Malignant tumors spread throughout the body by releasing cancer cells into the bloodstream, which can reach distant organs and metastasize there. The success of a tumor cell circulating in the bloodstream to grow into a metastasis is highly dependent on the characteristics of the local environment. This process is often described as a 'seed' (circulating tumor cell) that must fall on fertile 'soil' (metastatic niche) for a new tumor to develop at the distant site. This concept leads to the hypothesis that an unsuitable 'soil' may help limit metastatic growth by allowing the scattered cancer cells to be kept in a dormant, state and not divide further.
But until now, little was known about how the microenvironment of a seeded tumor cell - known as the metastatic niche - evolves as the metastasis grows.
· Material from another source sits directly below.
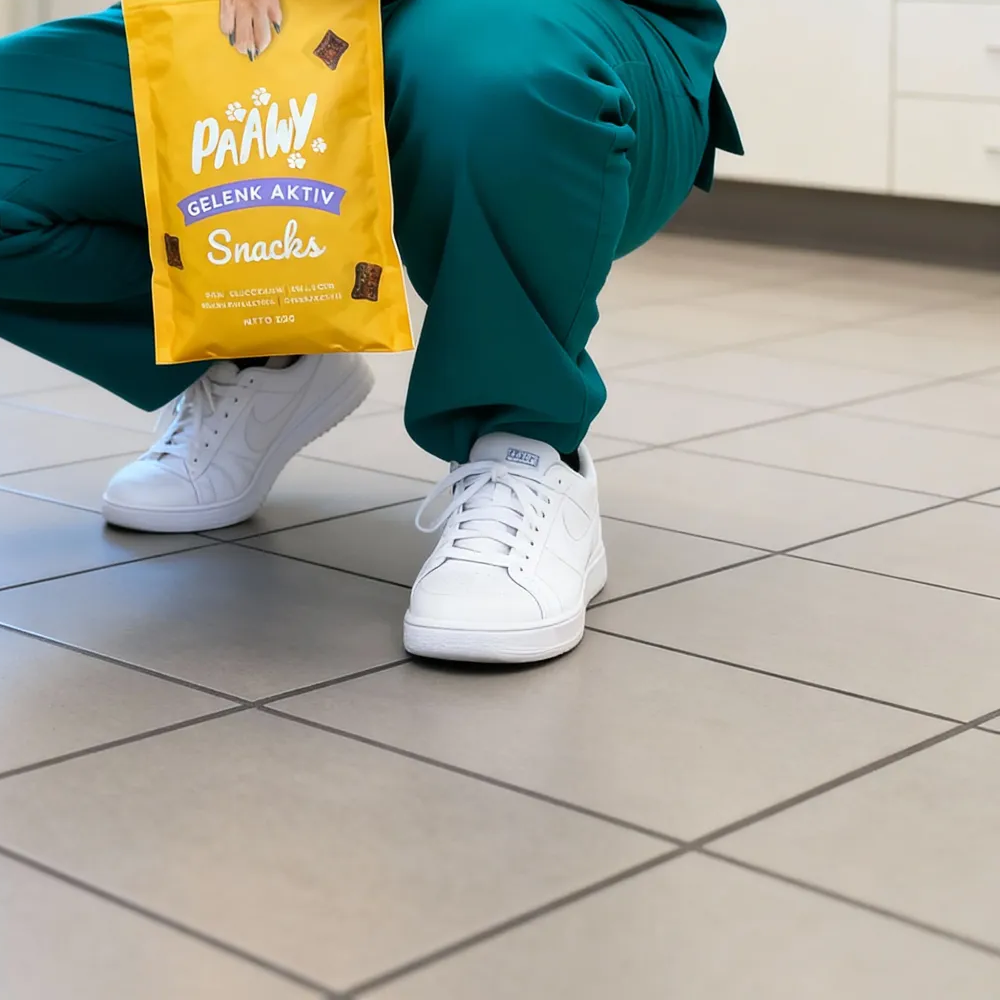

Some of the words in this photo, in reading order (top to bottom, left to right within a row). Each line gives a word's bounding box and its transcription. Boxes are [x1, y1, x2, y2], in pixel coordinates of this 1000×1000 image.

To answer this question, a team of researchers from Heidelberg and Mannheim, led by Hellmut Augustin, together with colleagues from University College London, studied mice whose primary tumors were surgically removed. In this way, the scientists were able to observe the development of metastases in the absence of the primary tumor. "This intervention enabled us to distinguish for the first time which properties of the metastatic niche are controlled by the distant primary tumor and which are regulated locally," explains Hellmut Augustin, adding, "It is also essential that we were thus able to recreate the situation of tumor patients after surgery in the experimental system."
With a particular focus on the lung, the researchers performed global gene expression analyses of the metastatic niche. They discovered that in the presence of a primary tumor, the endothelial cells lining the interior of blood vessels produced the protein LRG1 (leucine-rich alpha-2-glycoprotein 1) in large quantities. "The blood vessels produced LRG1 exclusively in the presence of the primary tumor, which stimulates the growth of nearby connective tissue cells in the lung. This creates a tumor cell growth-promoting microenvironment ('niche') where circulating tumor cells can settle and grow into lung metastasis," said DKFZ researcher Mahak Singhal, first author of the current study, adding, "This is the first time we have demonstrated that the metastasis-promoting effect of the niche is triggered over long distances by the primary tumor." From a certain size, the metastases then act like a primary tumor themselves, again promoting the formation of LRG1.
How does the progression of metastasis change when the key molecule LRG1 is blocked with an antibody? In fact, scientists were able to slow the metastatic growth of breast and lung tumors in this way. One of the most surprising findings of the current study was that LRG1 was not only produced by blood vessels at the metastasis site, but that it was produced by endothelial cells throughout the body and released into the circulation. Thus, the researchers were even able to detect the metastasis-promoting molecule directly in blood samples. "We can now detect LRG1 produced by endothelial cells as a biomarker indicative of a metastatic tumor. In addition, we want to validate LRG1 as a target for new therapeutic approaches that may be able to halt the metastatic spread of tumors," says study leader Hellmut Augustin, summarizing the current results.